-- Opening Marker --

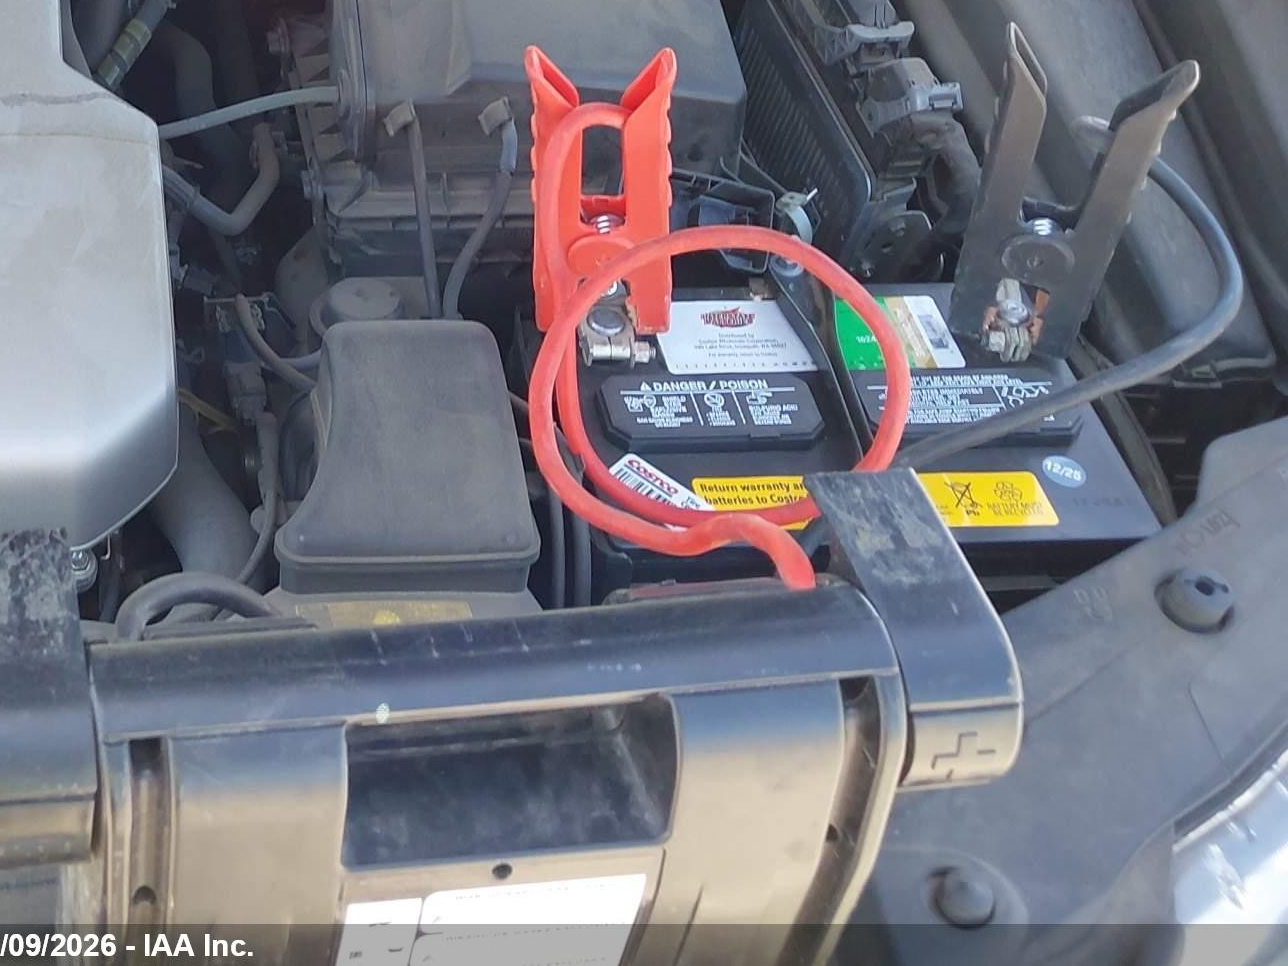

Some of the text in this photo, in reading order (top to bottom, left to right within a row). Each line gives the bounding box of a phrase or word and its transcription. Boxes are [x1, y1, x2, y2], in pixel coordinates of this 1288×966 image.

[652, 379, 769, 392] DANGER / POISON
[700, 483, 738, 493] Return
[741, 482, 790, 493] warranty
[704, 495, 753, 505] batteries
[756, 495, 768, 504] to

-- Closing Marker --

Images in the records should not be copied. Repeat all the rest exactly.

_Problem solution_:
Some of the text in this photo, in reading order (top to bottom, left to right within a row). Each line gives the bounding box of a phrase or word and its transcription. Boxes are [x1, y1, x2, y2], in pixel coordinates of this 1288×966 image.

[652, 379, 769, 392] DANGER / POISON
[700, 483, 738, 493] Return
[741, 482, 790, 493] warranty
[704, 495, 753, 505] batteries
[756, 495, 768, 504] to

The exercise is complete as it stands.